February 1, 2021
Happy New Year 2021!
As of late I have heard much related to “let’s move beyond 2020” or “forget about 2020” but I would like to ask you to instead “remember 2020.” In the words of George Santayana, philosopher, essayist, poet, and novelist – “those who cannot remember the past are condemned to repeat it”, an apt aphorism for our time because it is through the recognition of the unforgotten pain that we will be able to seek answers for the challenges ahead in 2021.
Currently, the Coronavirus pandemic continues to devastatingly affect any semblance of normalcy, while challenging economic markets across the globe further impacting “a return to normalcy.” If history could be our guide, this harkens back to post WW1 and the Spanish flu pandemic when the world was also envisioning a more stable time, and when the quote became a slogan and a battle cry for then Warren G. Harding, 23rd President of the US.
Governmental change, while at worst, tumultuous but at its best, seen as a sign of hope for many, as in the case of the US, is showing us that the challenges are vast, and requires more than faith and hope, but will require action at the grassroots and main street level, if we are to overcome the challenges in our anticipation for a brighter day in the near future.
The racial reckoning and deliberate actions to unite communities in solidarity across America, in recognition that communities of color have been saddled with the burden of law enforcement brutality and inequity, has culminated in potential signs of meaningful and hopeful change. At time like these, many individuals, some of you included, and specific groups, such as the NAACP and the Black Lives Matter movement should be recognized for their value and “consistency of purpose” in changing the narrative towards the development of a more resilient and meaningful republic.

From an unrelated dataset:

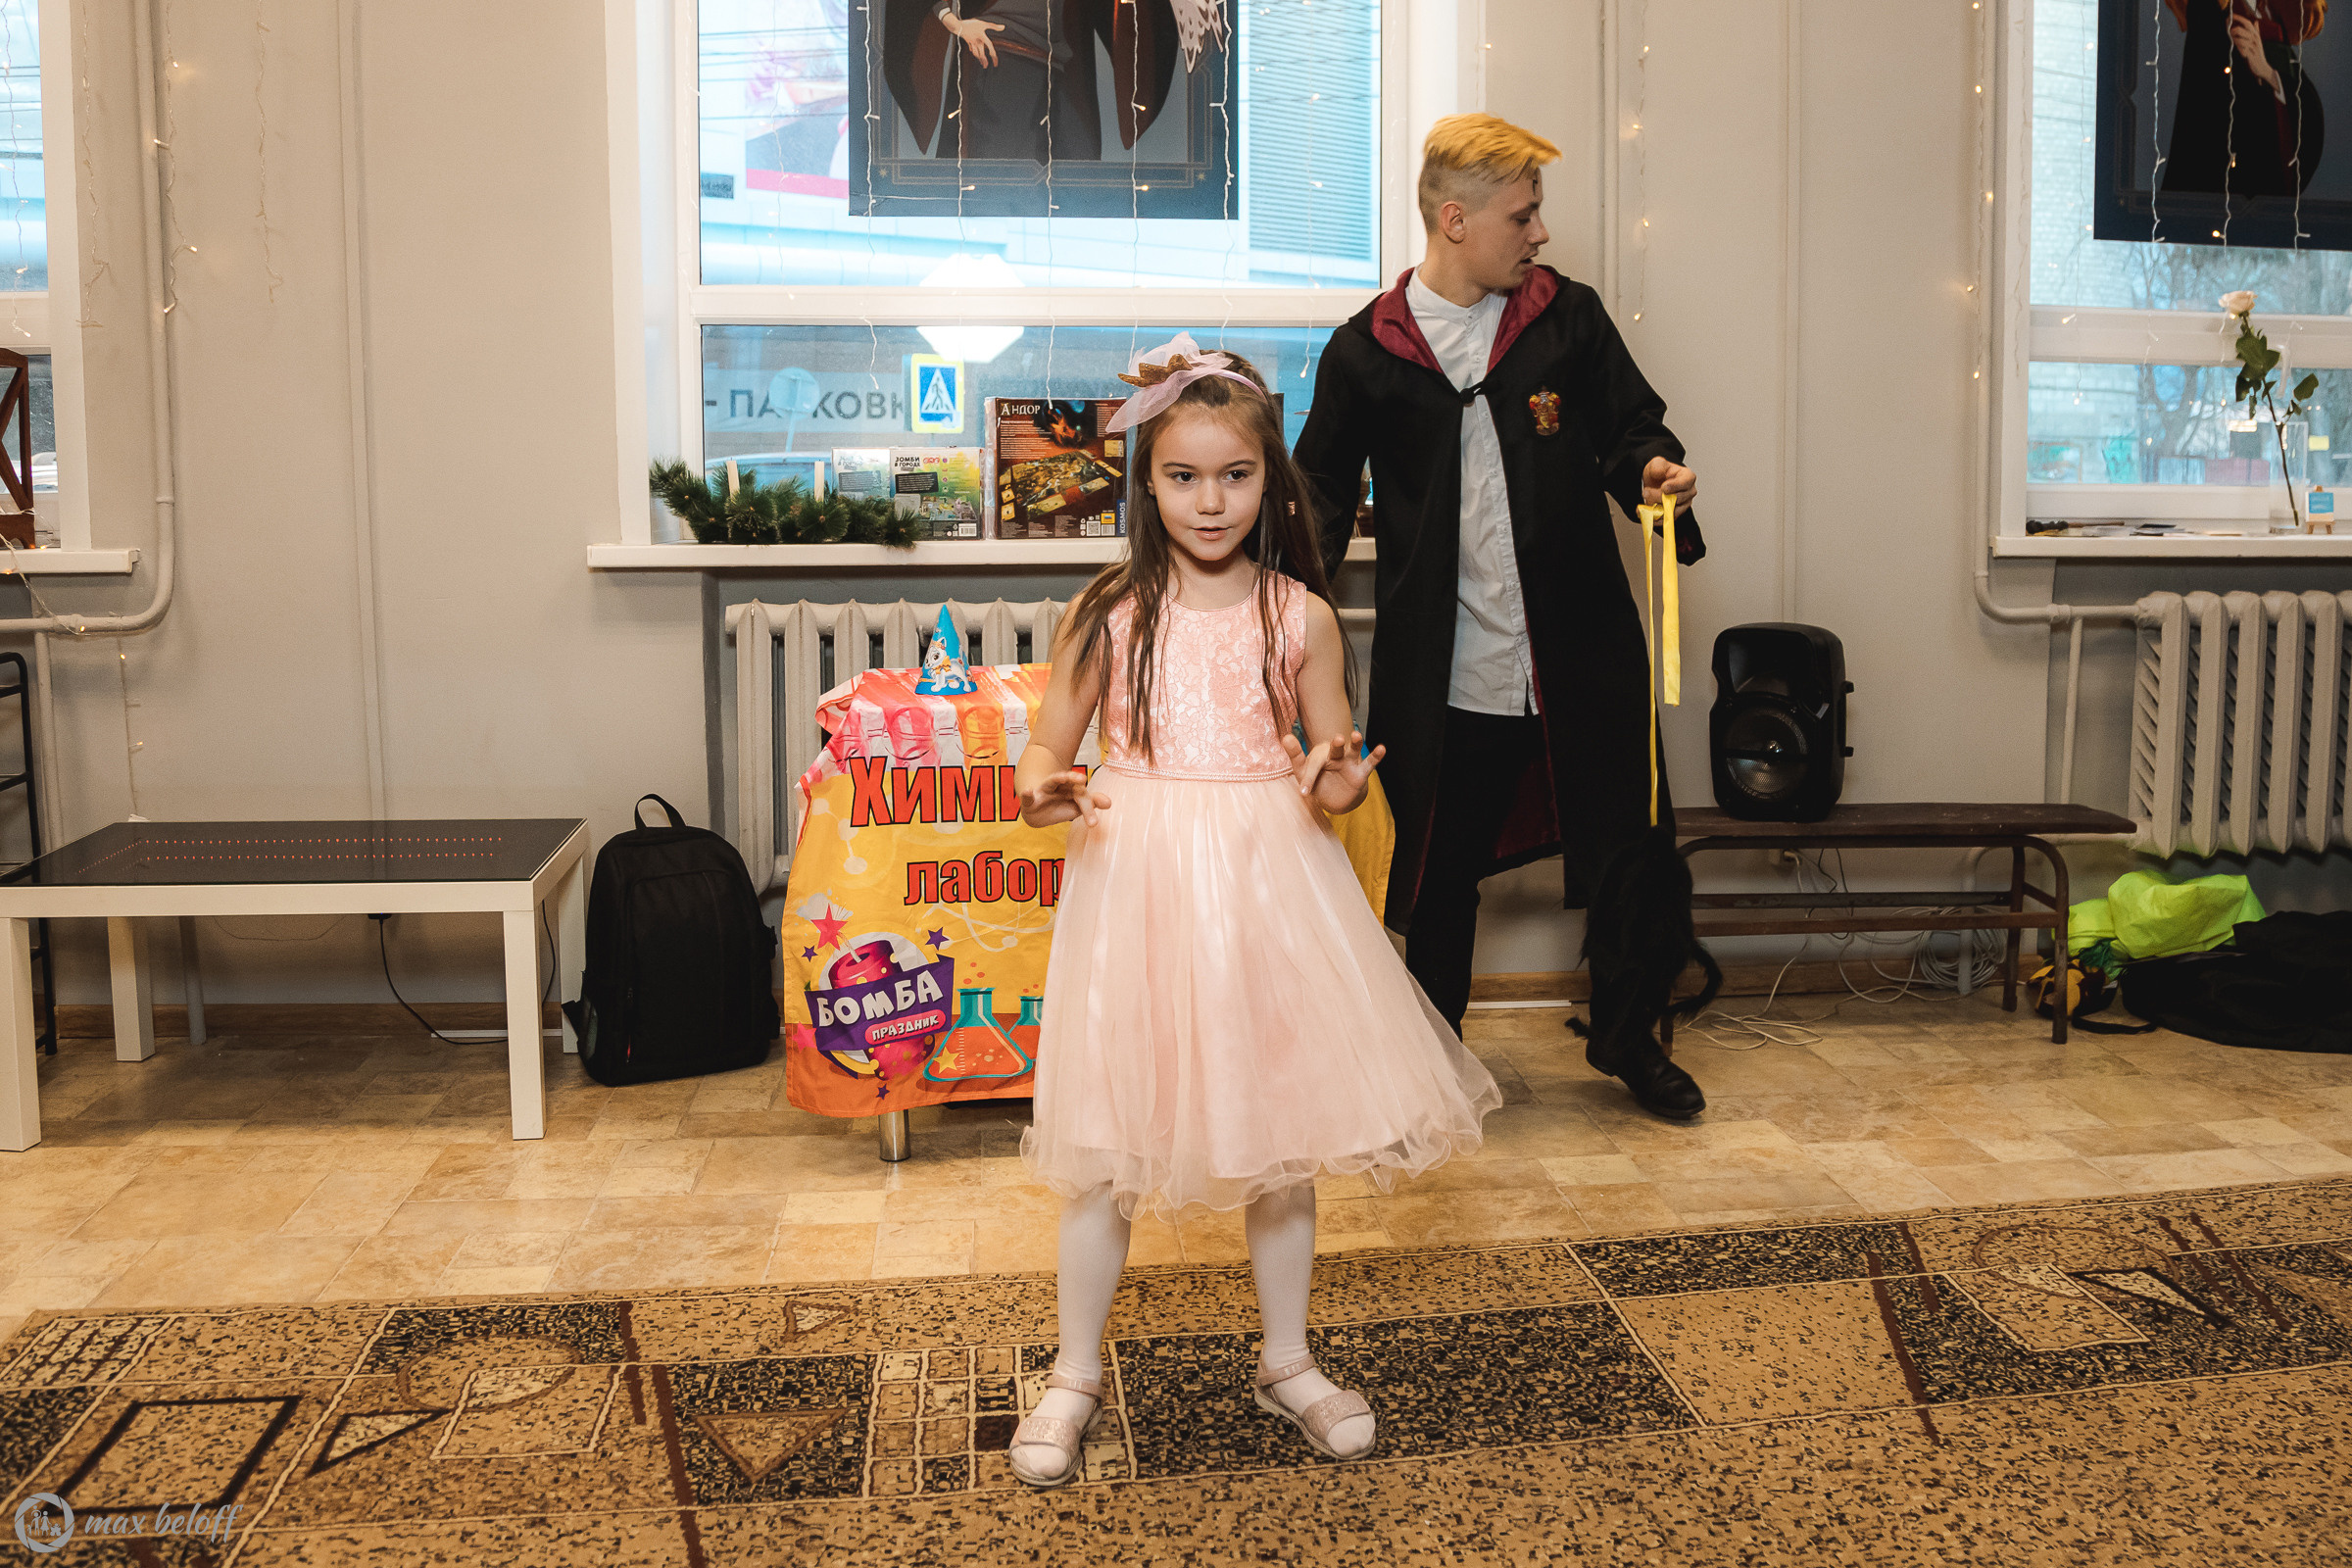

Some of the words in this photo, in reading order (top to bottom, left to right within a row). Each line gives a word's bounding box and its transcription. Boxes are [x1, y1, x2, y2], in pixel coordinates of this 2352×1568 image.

[730, 389, 904, 419] ПАКОВК
[1001, 403, 1041, 416] АНДОР
[816, 969, 944, 1027] БОМБА
[871, 1014, 939, 1042] ПРАЗДНИК

But, while we expect more challenging times ahead, your role and recognition which for the 19th year in a row Americans have identified you as belonging to the profession with the highest honesty and ethical standards (Gallup Poll, 2020) is a badge of pride that is important for you to remember, especially as you continue to experience the challenges of being surrounded by daily morbidity and mortality. The assumption that as nurses you can continue unaffected by the “daily grind” during this time is a false choice and a logic that is not based in reality, so this is why I am calling on us to be aware of our own mental health during 2021 and in the future. The call to action during this pandemic is constant and enormous, so unless we recognize and appreciate the impact that this past unprecedented year has had on us, then we risk not accepting and learning from our vulnerabilities during this sacrifice.
Finally, there is much learning that has taken place and will continue to occur as we grow as a profession but some of the lessons over the past year can enhance our awareness and better position us for where we, as guardians of the profession, further enhance the future of nursing. As voices for the underserved and marginalized, educators and disseminators of coronavirus facts and vaccines, lifeline between patients and their families, trusted societal leaders, etc., my question to you is “what role will you play in 2021?” I ask this of all of us - Alpha Omega Chapter (AOC) members - hoping that we are deliberate in our examination and deep reflection required at this time in our evolution as a profession and in our continued commitment to society.
I wish you and your families the best of health and safety during this period. As stewards of the profession, please continue to social distance, wear a face mask and accept the vaccine.